Sadly, only a handful of Republicans have stood up to Trump's reign of corrupt tyranny. Perhaps the most improbable being Mitt Romney, the Mormon Senator from Utah and former presidential candidate (2012), now on a one-man campaign to restore dignity to the Roman Senate by demanding witnesses be allowed at the impeachment Kangaroo Court. Taking on his entire party and the Tyrant-in-Chief. The other one who stood up to Trump was another Republican nominee who ran against Obama (2008), John McCain, RIP, who alone stood up against Trump on his mission to kill Obamacare, just before he died. 

Unfortunately these meager exceptions prove the rule that there really are no good representatives remaining in the Republican Party. They are all now eager parties to human history's greatest fraud, the scale of which has yet to be fully revealed. A sad endgame for the U.S. conservative movement that ultimately squandered its principles betting on a known con man.

The MAGA bubble demonstrates mind control on a massive scale. Propagated by Faux News, shock jock radio, and social media. Lethal propaganda weaponized against their own voters. The useful Republican base, repeatedly conned by fraudulent appeals to patriotism. Never once questioning whose interests they were really serving.

Trump staked his campaign on the Obama birther hoax - the lie that Obama was a foreign-born Muslim. From that point forward, Trump cemented the undying loyalty of his alt-right base.

The Vietnam war schismed America in a way that has not healed to this day: Between those who went to war and those who opposed war. The divide has only grown over time, between those proud of America's imperial history and those ashamed by abuse of military power. Iraq and Afghanistan were sad attempts to regain lost glory not seen since the days of WWII. The country can no long afford exorbitant empire, and yet the jingoistic muscle memory of the glory days still remains fused to the GOP. Always the same con job - appeals to fake patriotism.

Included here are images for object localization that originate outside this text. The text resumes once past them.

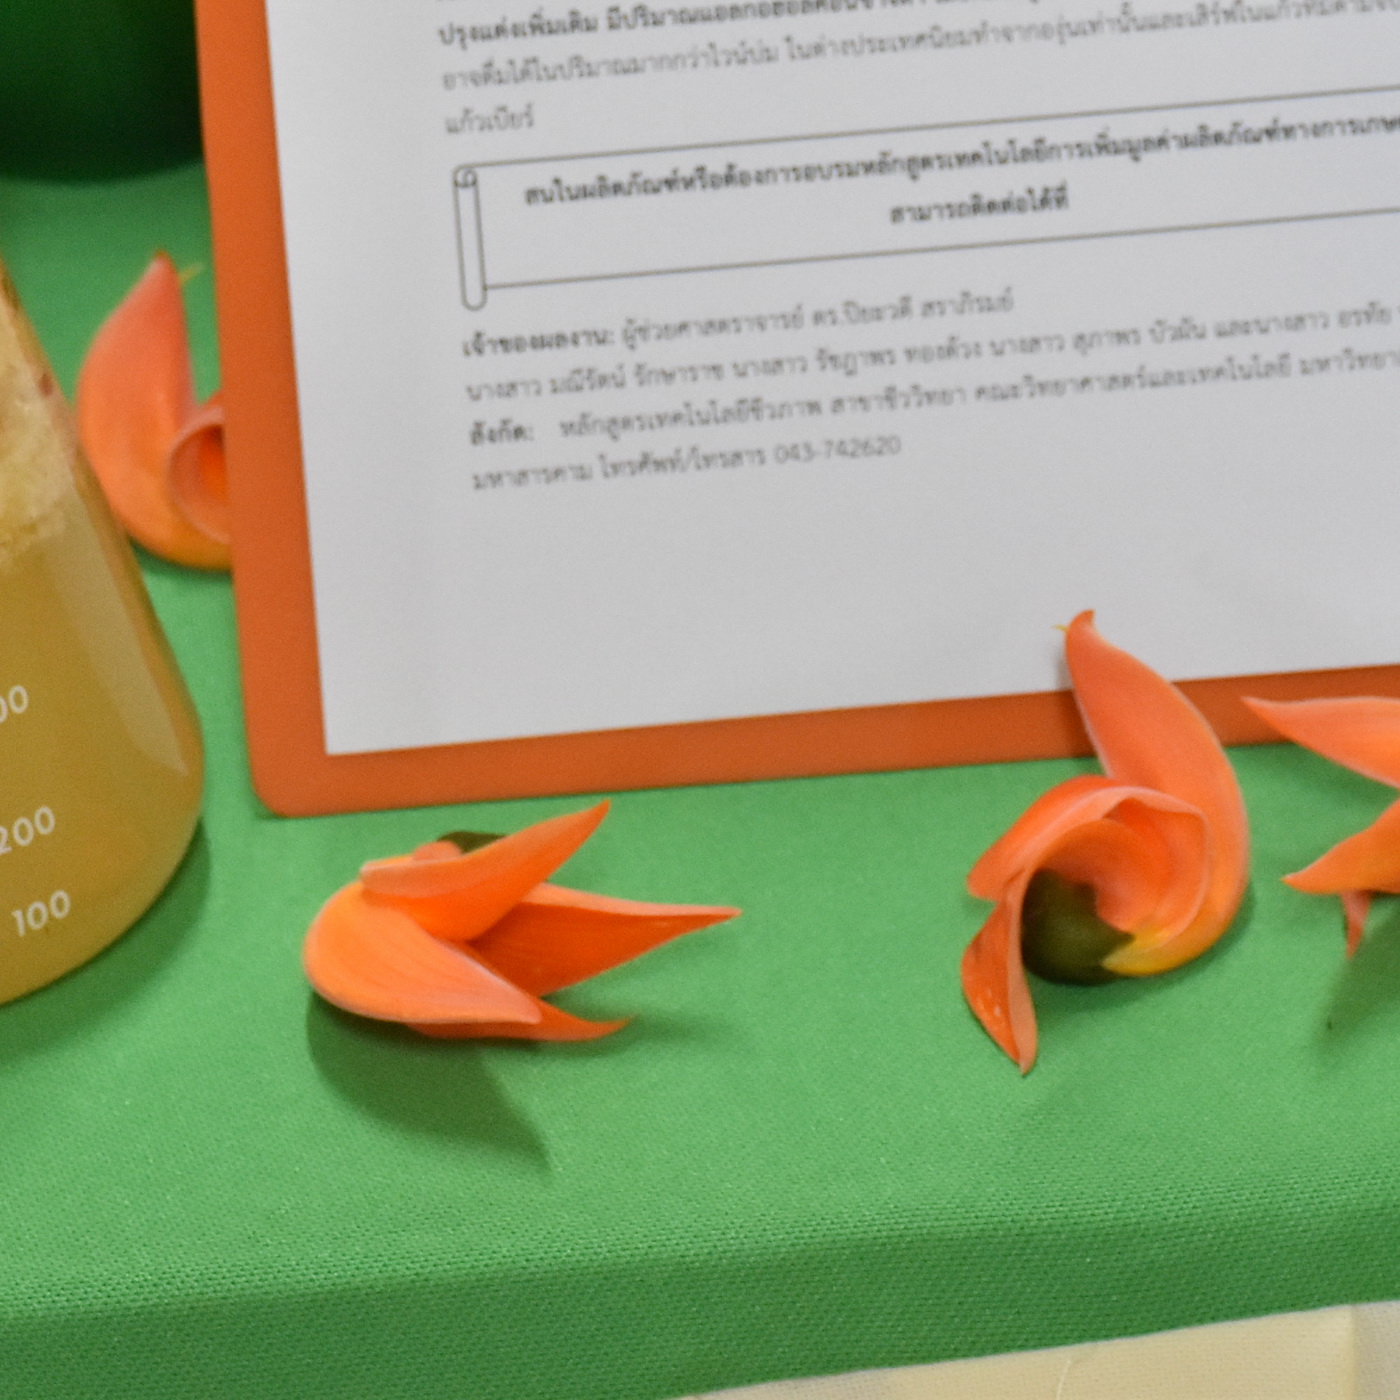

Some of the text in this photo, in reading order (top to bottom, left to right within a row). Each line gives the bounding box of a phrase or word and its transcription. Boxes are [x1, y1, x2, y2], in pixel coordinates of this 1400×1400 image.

[465, 379, 542, 402] นางสาว
[549, 364, 626, 395] มณีรัตน์
[633, 363, 724, 387] รักษาราช
[732, 356, 808, 378] นางสาว
[989, 335, 1065, 357] นางสาว
[1072, 328, 1141, 356] สุภาพร
[1148, 317, 1207, 344] บัวผัน
[1338, 301, 1391, 328] อรทัย
[469, 417, 533, 447] สังกัด:
[774, 435, 901, 464] 043-742620
[10, 889, 73, 939] 100
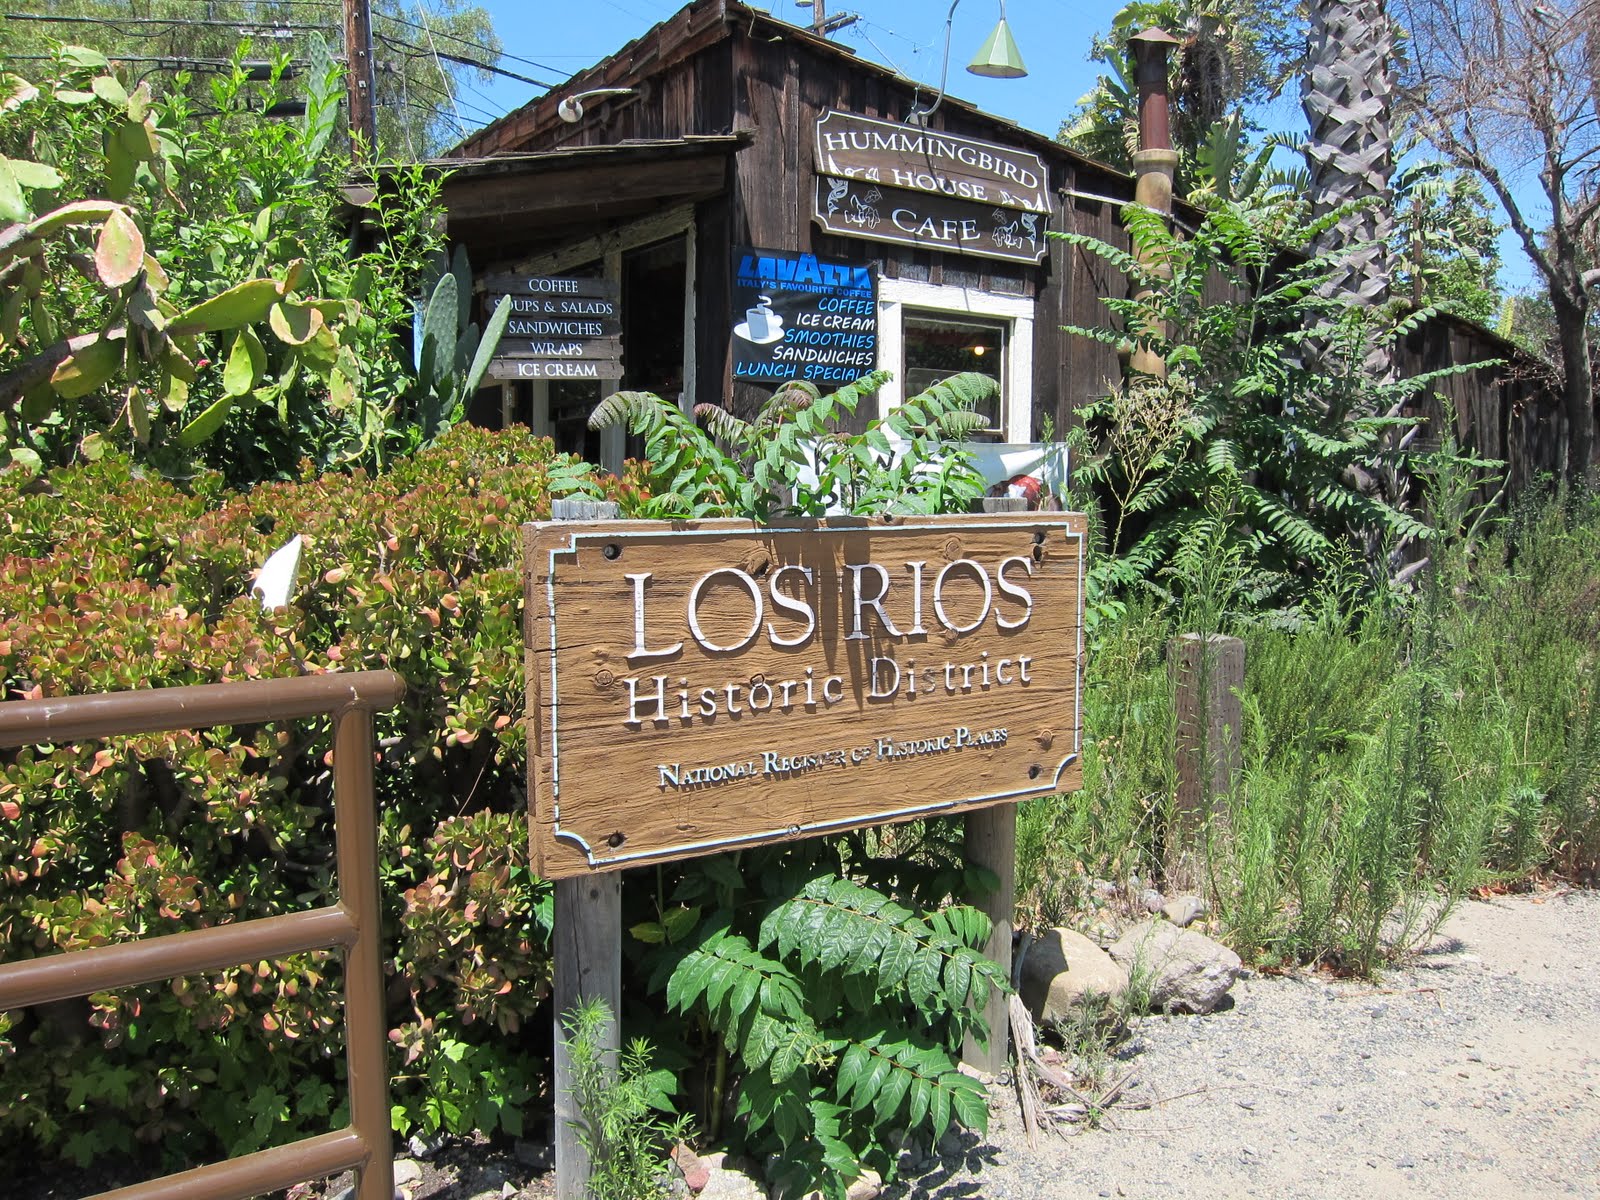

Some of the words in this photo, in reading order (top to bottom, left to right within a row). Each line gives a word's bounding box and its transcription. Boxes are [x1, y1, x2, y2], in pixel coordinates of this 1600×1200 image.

[823, 131, 1038, 189] HUMMINGBIRD
[891, 168, 988, 202] HOUSE
[891, 208, 981, 241] CAFE
[737, 253, 872, 290] LAVAZZA
[528, 279, 579, 293] COFFEE
[737, 279, 777, 290] ITALY'S
[780, 282, 834, 295] FAVOURITE
[837, 288, 872, 299] COFFEE
[544, 301, 557, 313] &
[561, 302, 613, 315] SALADS
[818, 297, 875, 315] COFFEE
[508, 321, 603, 336] SANDWICHES
[796, 312, 821, 326] ICE
[823, 315, 875, 331] CREAM
[784, 328, 875, 349] SMOOTHIES
[530, 342, 583, 356] WRAPS
[772, 345, 874, 366] SANDWICHES
[517, 363, 541, 377] ICE
[545, 363, 598, 377] CREAM
[736, 361, 796, 378] LUNCH
[624, 564, 815, 659] LOS
[845, 555, 1033, 641] RIOS
[623, 667, 844, 724] Historic
[866, 651, 1032, 699] District
[658, 762, 758, 788] NATIONAL

Here we see the U.S. deficit has grown in lockstep with the military budget. Rising during Republican tenure and falling during Democrat tenure. Inciting jingoistic pride is a formula, albeit a ludicrously expensive one.








Had the Democrats won in 2016, central bank Disney World would have likely imploded by now. Collapsed by global deflation. However, Trump took a big, fat, ugly bubble and made it biblical in magnitude. Powerful enough to wipe his entire party off the map.

Proving that everything happens for a reason.